» **Exercise directions**
Hand back all records exactly, pictures omitted.

Records from a data collection
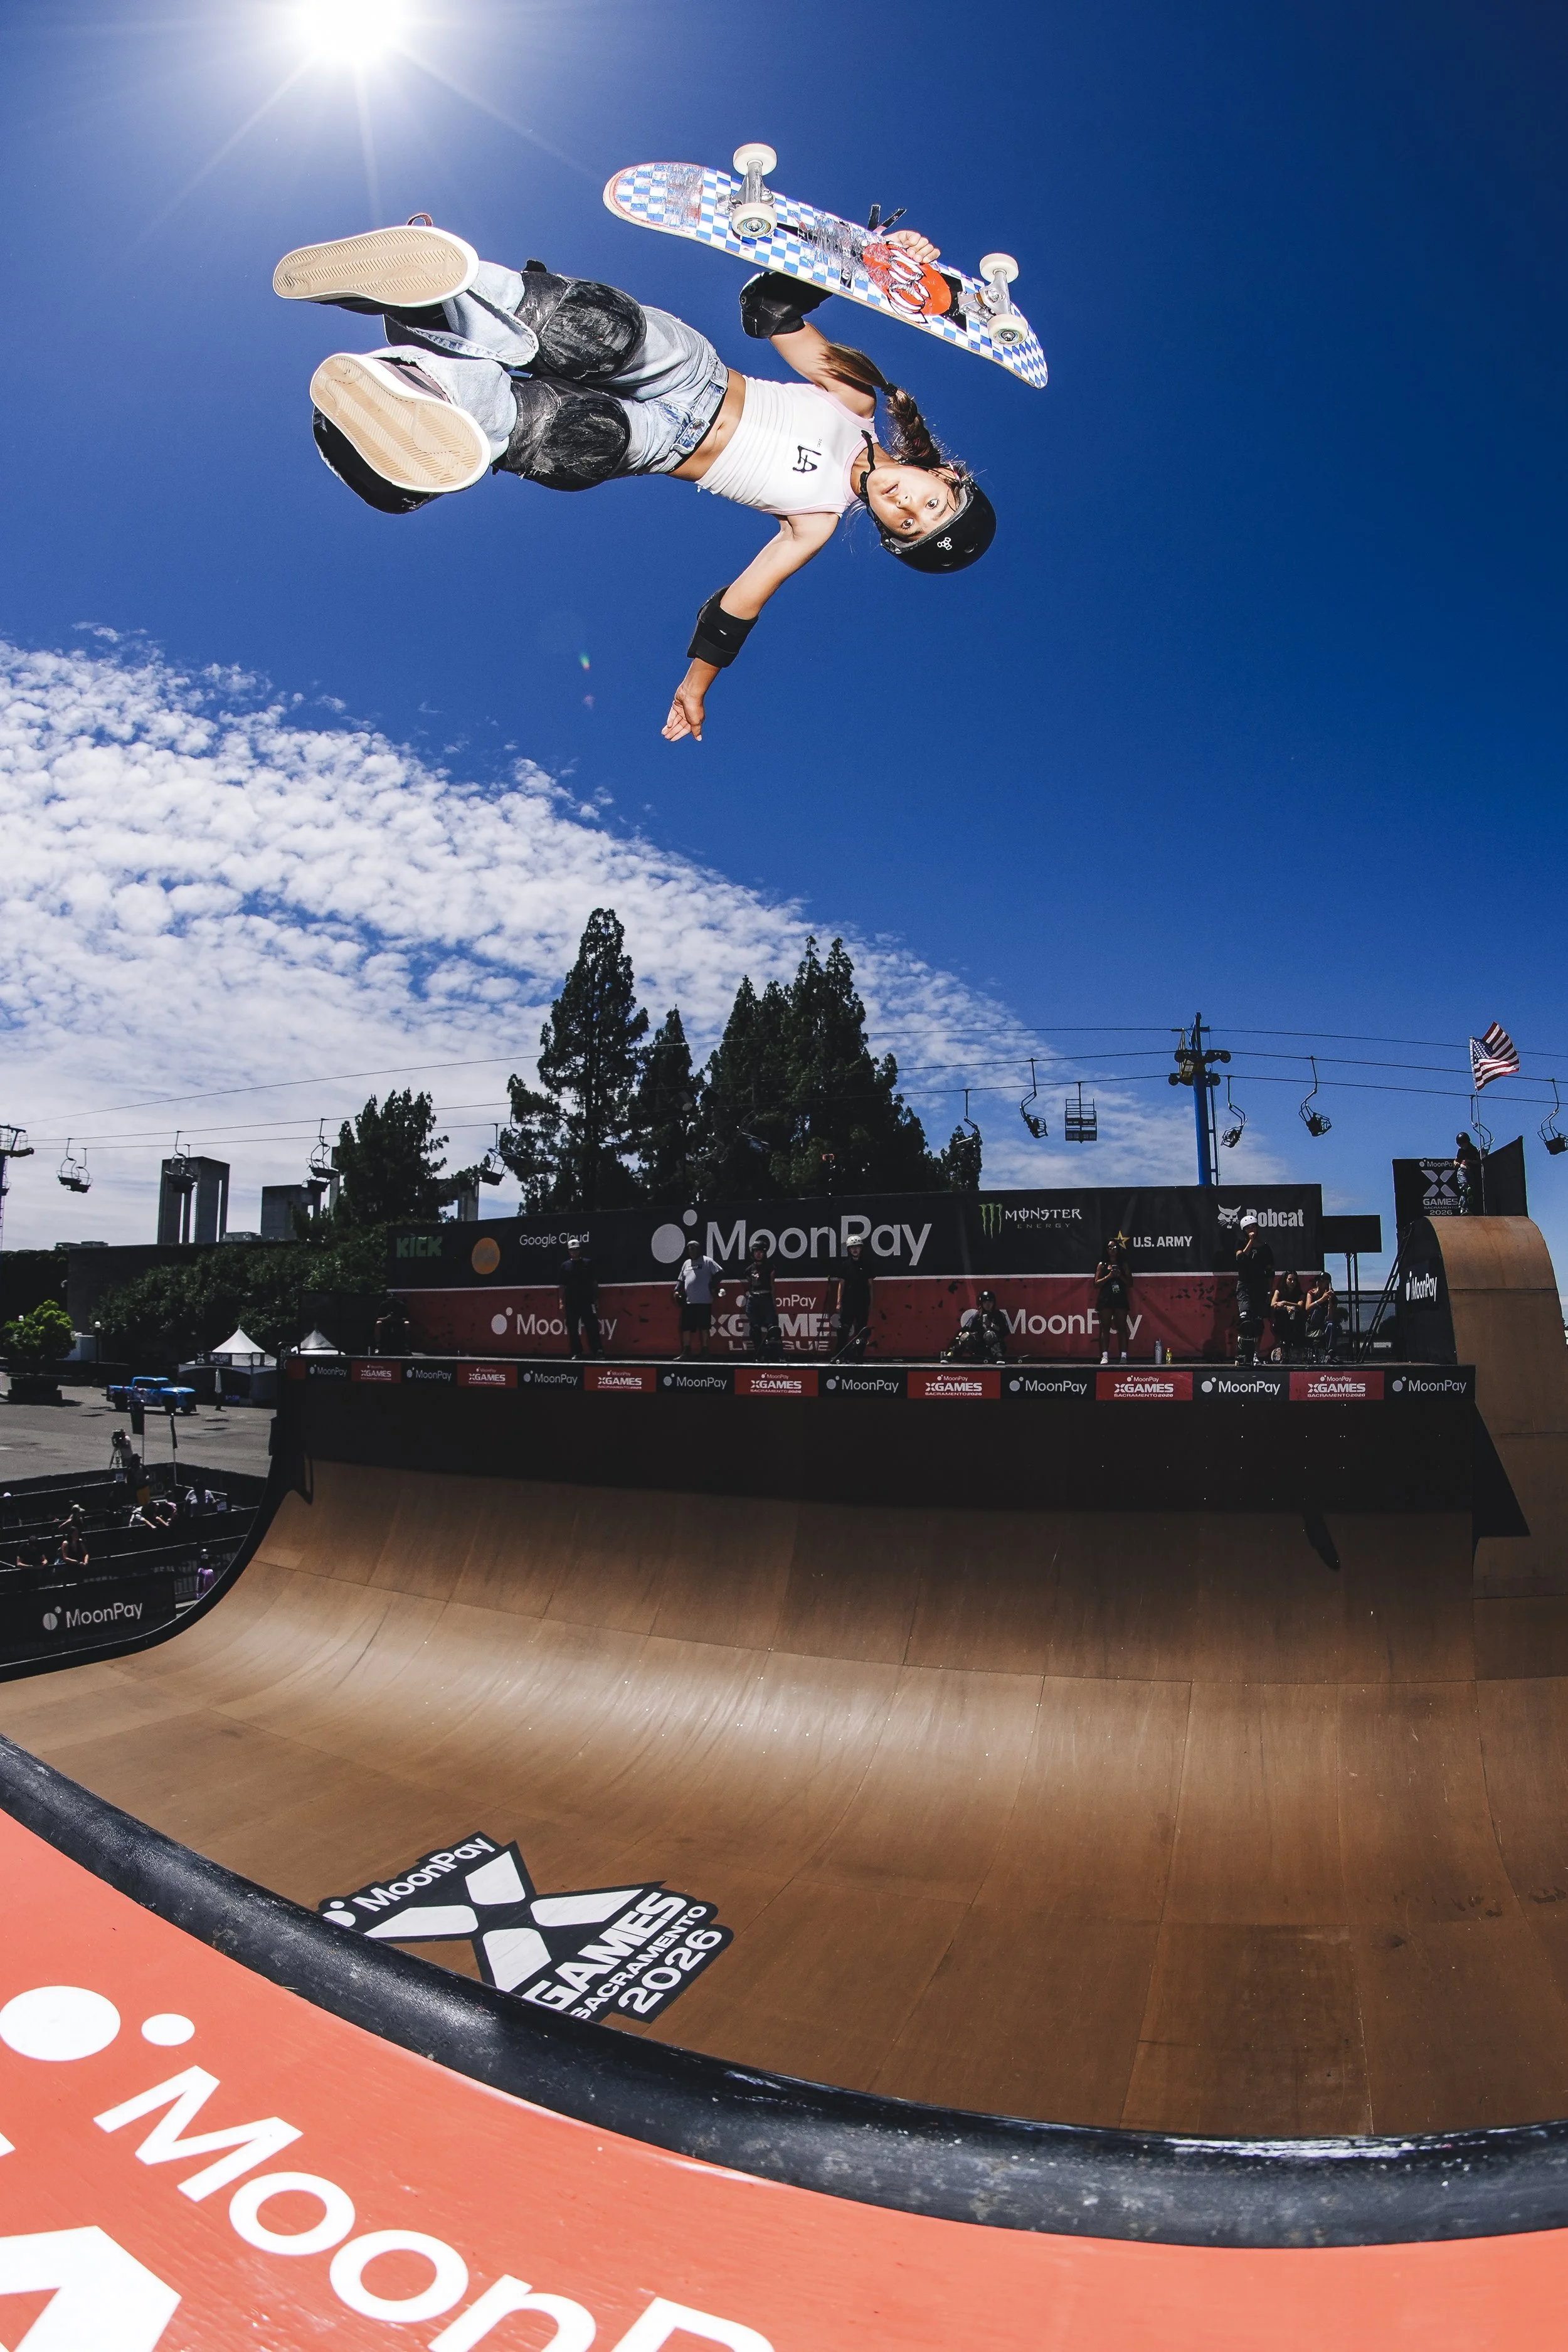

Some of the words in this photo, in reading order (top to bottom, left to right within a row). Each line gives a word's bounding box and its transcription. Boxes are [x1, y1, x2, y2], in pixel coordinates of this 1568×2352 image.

[1005, 1207, 1083, 1222] MONSTER
[396, 1236, 443, 1258] KICK
[519, 1233, 557, 1248] Google
[706, 1214, 933, 1266] MoonPay
[1133, 1236, 1155, 1248] U.S.
[1157, 1236, 1193, 1248] ARMY
[1411, 1273, 1438, 1302] MoonPay
[999, 1308, 1143, 1340] MoonPy
[728, 1340, 830, 1351] LEGUE
[317, 1367, 347, 1377] MoonPay
[415, 1370, 452, 1380] MoonPay
[534, 1373, 578, 1385] MoonPay
[676, 1376, 727, 1389] MoonPay
[842, 1379, 899, 1393] MoonPay
[1025, 1379, 1088, 1394] MoonPay
[1219, 1380, 1281, 1395] MoonPay
[1408, 1379, 1467, 1393] MoonPay
[66, 1602, 143, 1628] MoonPay
[352, 1837, 495, 1912] MoonPay
[521, 1892, 687, 2011] GAMES
[570, 1905, 707, 2020] SACRAMENTO
[618, 1929, 723, 2015] 2026

» **Solution for this task**
Some of the words in this photo, in reading order (top to bottom, left to right within a row). Each line gives a word's bounding box and its transcription. Boxes are [x1, y1, x2, y2], in pixel coordinates of this 1568×2352 image.

[1005, 1207, 1083, 1222] MONSTER
[396, 1236, 443, 1258] KICK
[519, 1233, 557, 1248] Google
[706, 1214, 933, 1266] MoonPay
[1133, 1236, 1155, 1248] U.S.
[1157, 1236, 1193, 1248] ARMY
[1411, 1273, 1438, 1302] MoonPay
[999, 1308, 1143, 1340] MoonPy
[728, 1340, 830, 1351] LEGUE
[317, 1367, 347, 1377] MoonPay
[415, 1370, 452, 1380] MoonPay
[534, 1373, 578, 1385] MoonPay
[676, 1376, 727, 1389] MoonPay
[842, 1379, 899, 1393] MoonPay
[1025, 1379, 1088, 1394] MoonPay
[1219, 1380, 1281, 1395] MoonPay
[1408, 1379, 1467, 1393] MoonPay
[66, 1602, 143, 1628] MoonPay
[352, 1837, 495, 1912] MoonPay
[521, 1892, 687, 2011] GAMES
[570, 1905, 707, 2020] SACRAMENTO
[618, 1929, 723, 2015] 2026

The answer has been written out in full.